Aim of the exercise :: Instruction for the listing below: copy exactly, and only, the lines from the one holding "this 1280×1281 image." through its last line, omitting any picture.

Extracted data ::
•••
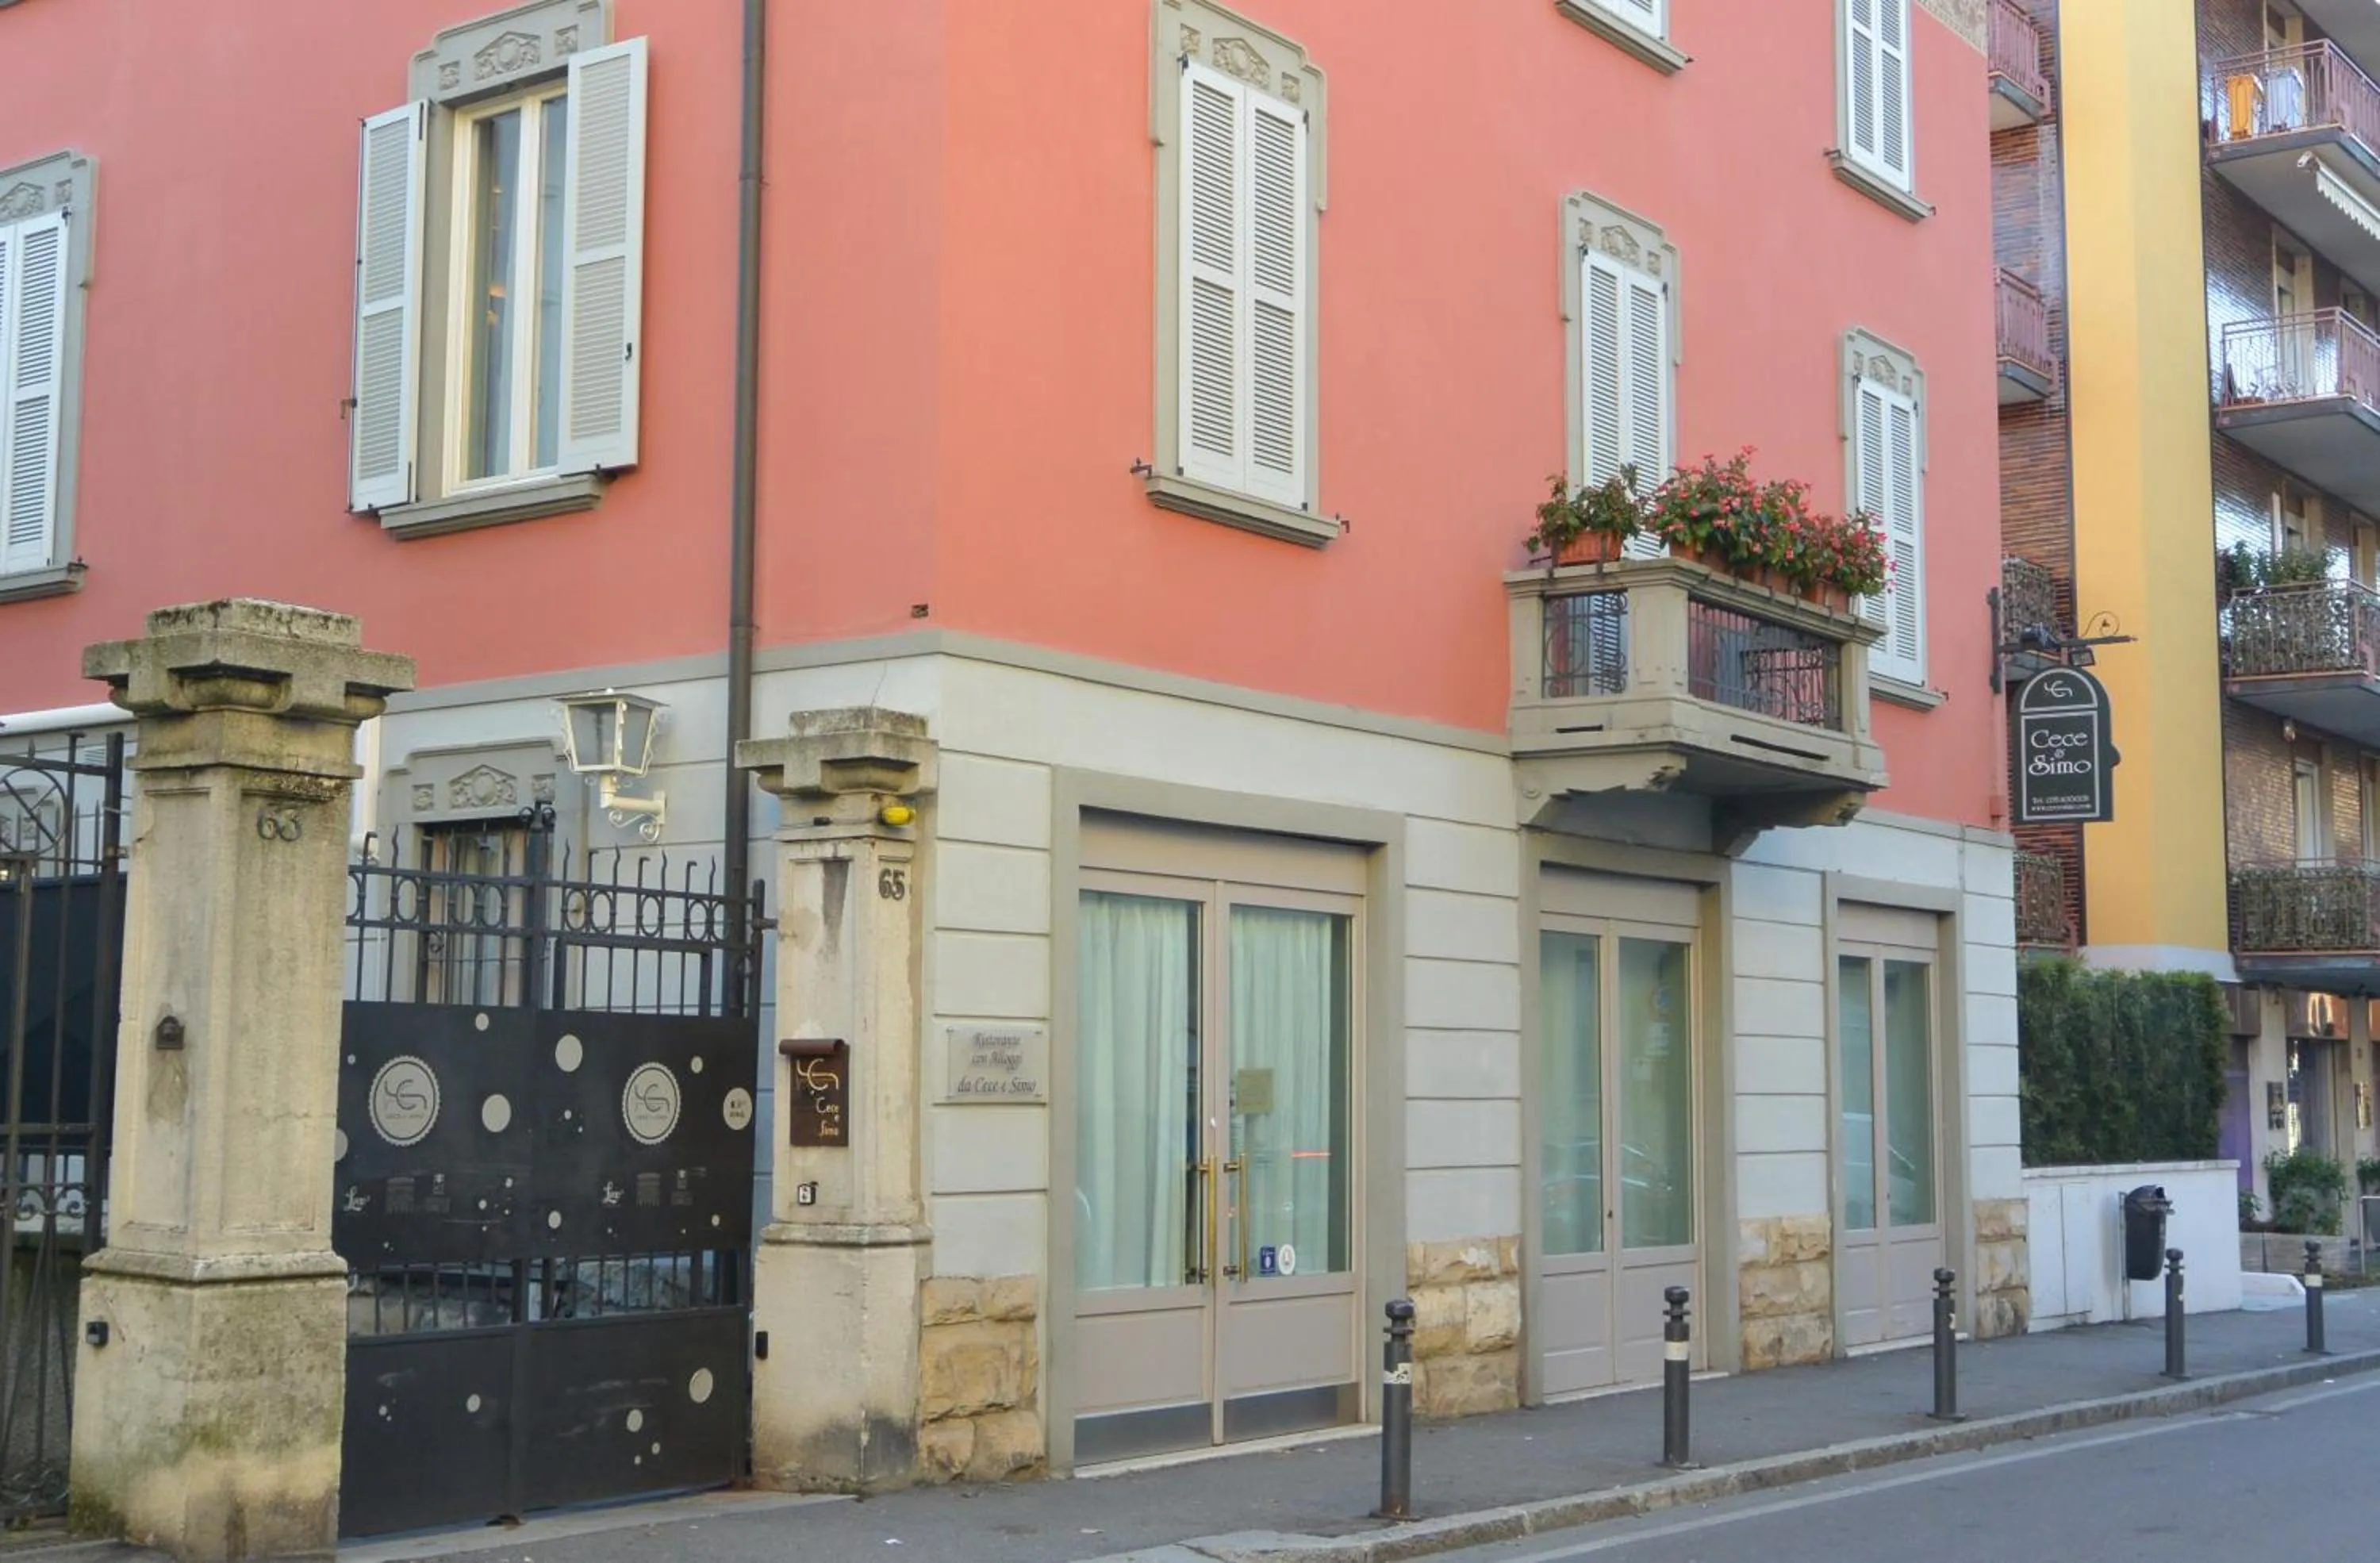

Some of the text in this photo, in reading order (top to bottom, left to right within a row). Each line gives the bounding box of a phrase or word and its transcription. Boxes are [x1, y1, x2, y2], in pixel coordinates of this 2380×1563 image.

[2030, 729, 2088, 747] Cece
[2029, 754, 2092, 776] Simo
[878, 867, 905, 901] 65
[958, 1075, 971, 1093] da
[974, 1077, 999, 1093] Cece
[1008, 1077, 1037, 1094] Simo
[816, 1096, 839, 1113] Cece
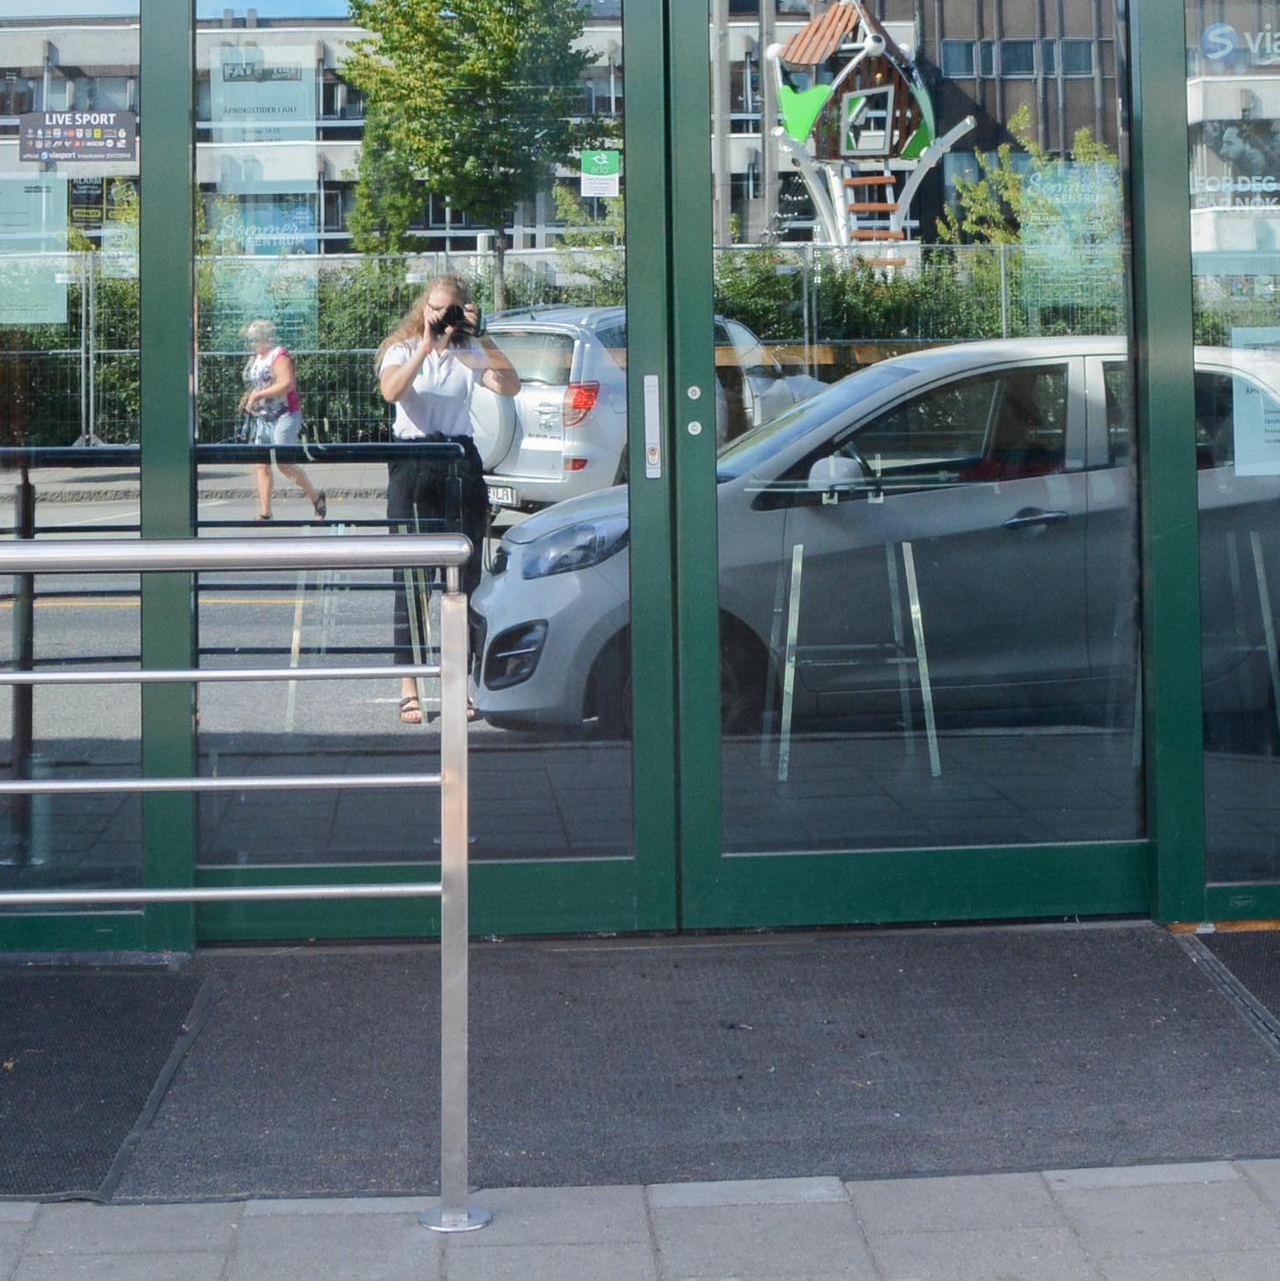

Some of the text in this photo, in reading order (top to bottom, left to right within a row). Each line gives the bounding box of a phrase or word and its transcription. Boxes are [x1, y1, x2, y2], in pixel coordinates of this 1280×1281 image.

[45, 113, 117, 125] LIVE SPORT
[1237, 175, 1277, 193] DEG
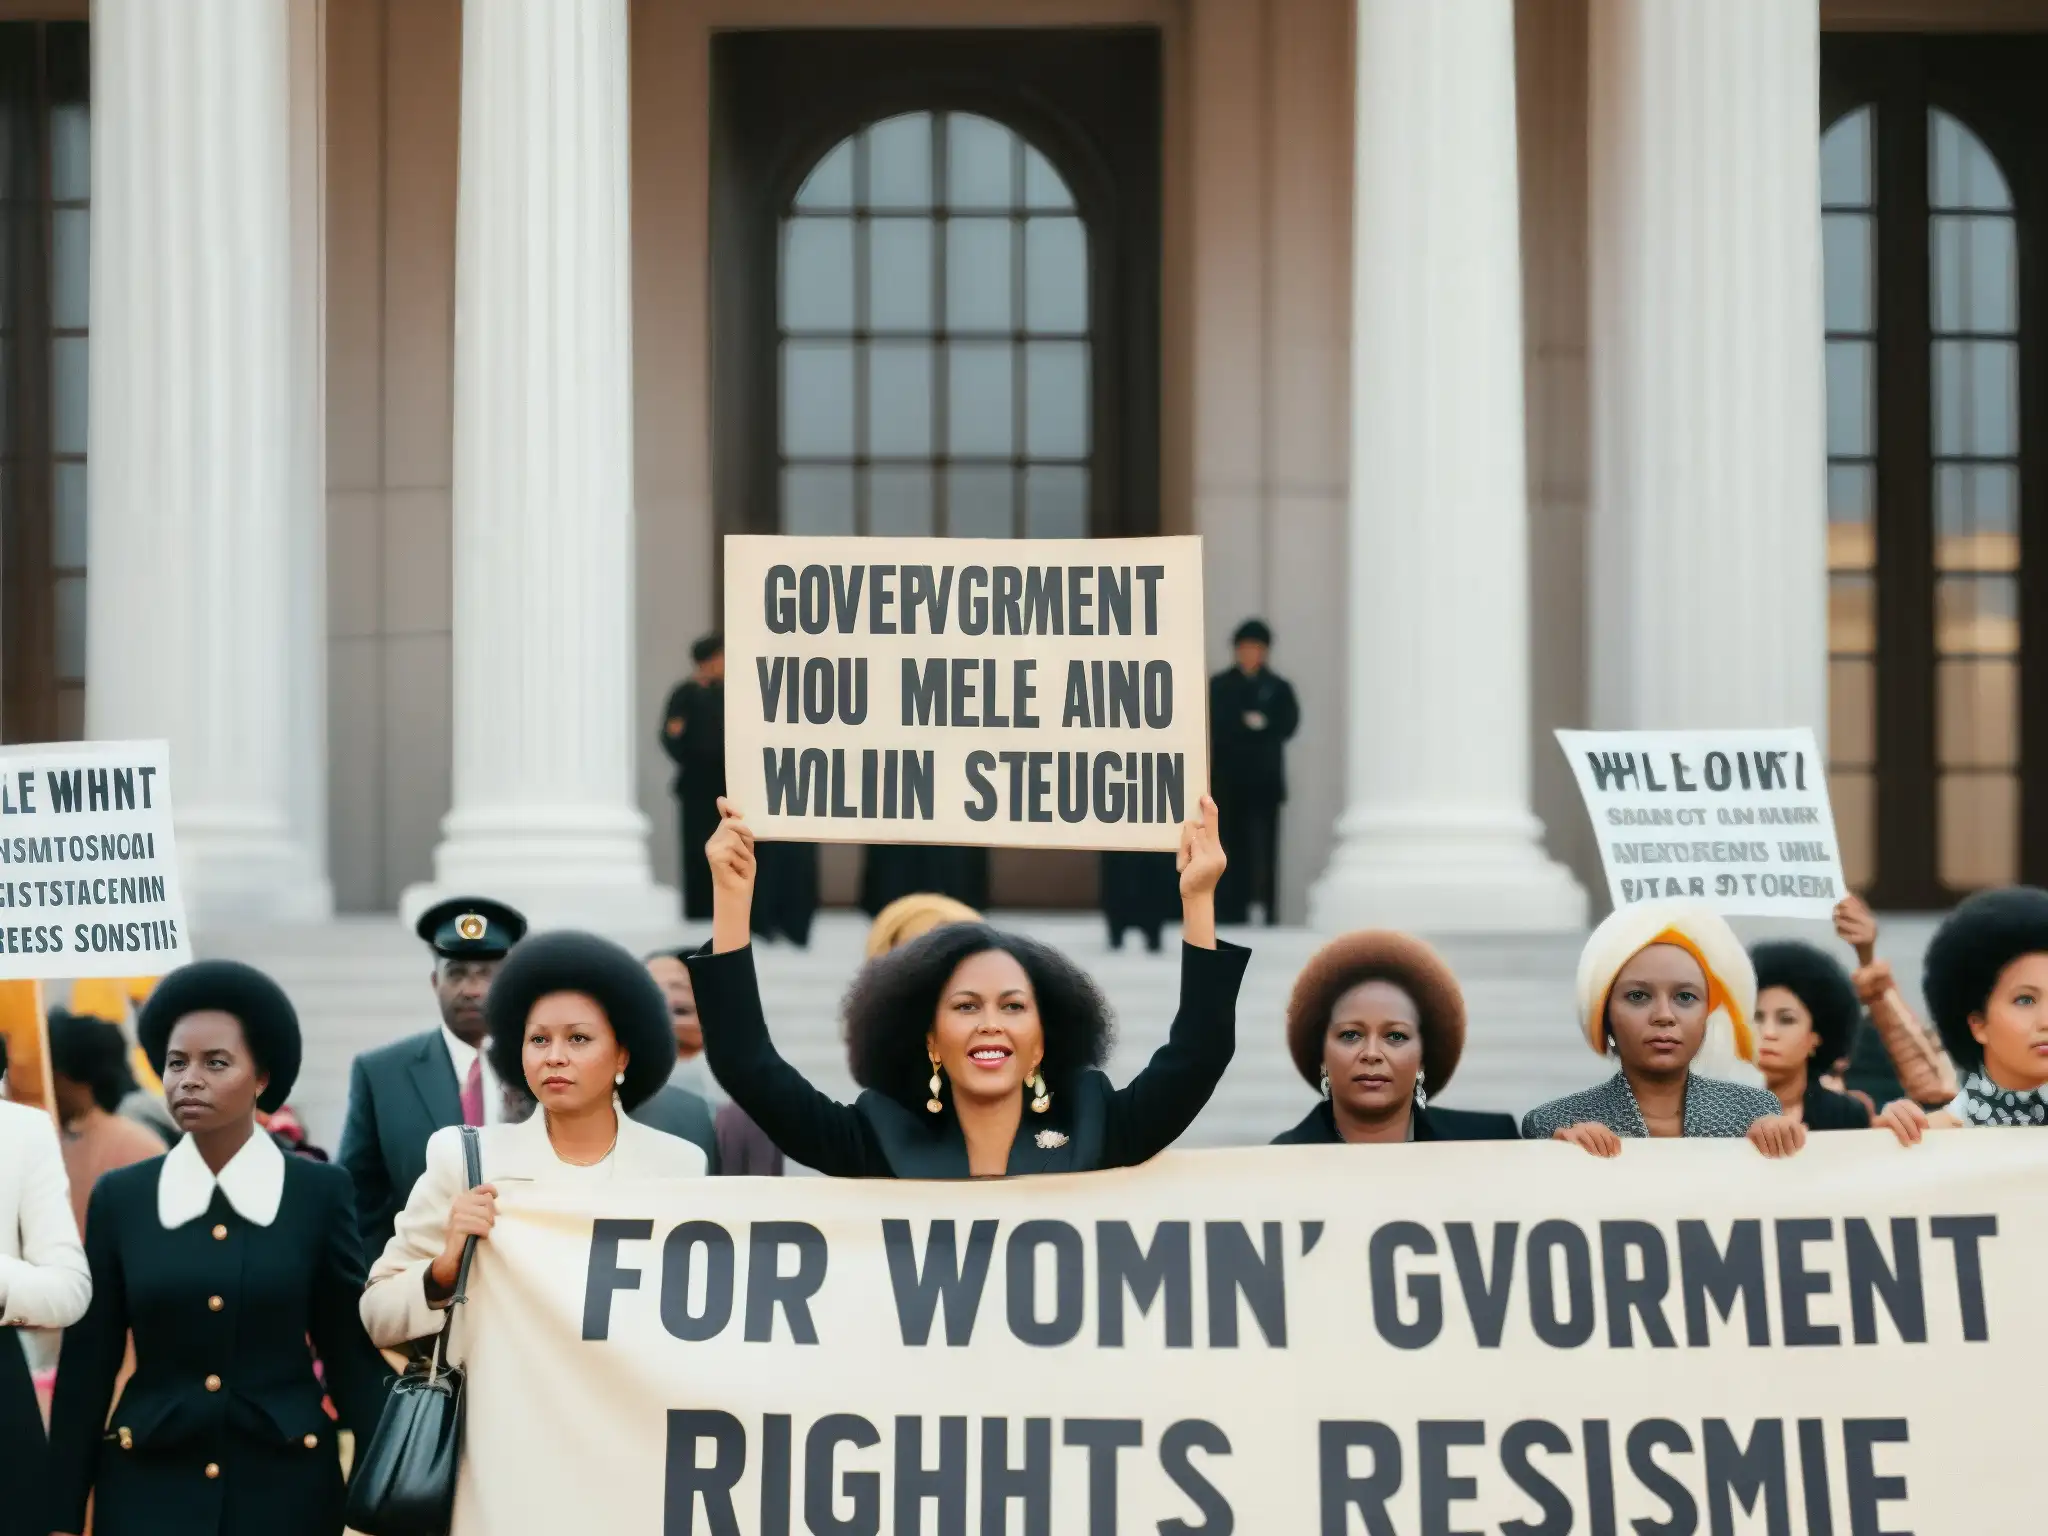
•••
Task answer ::
Some of the text in this photo, in reading order (top to bottom, left to right within a row). Each line gives the bounding box of a phrase or word and its transcription. Boxes are [x1, y1, x2, y2], in pixel coordinates of this 1280×1281 image.

[45, 113, 117, 125] LIVE SPORT
[1237, 175, 1277, 193] DEG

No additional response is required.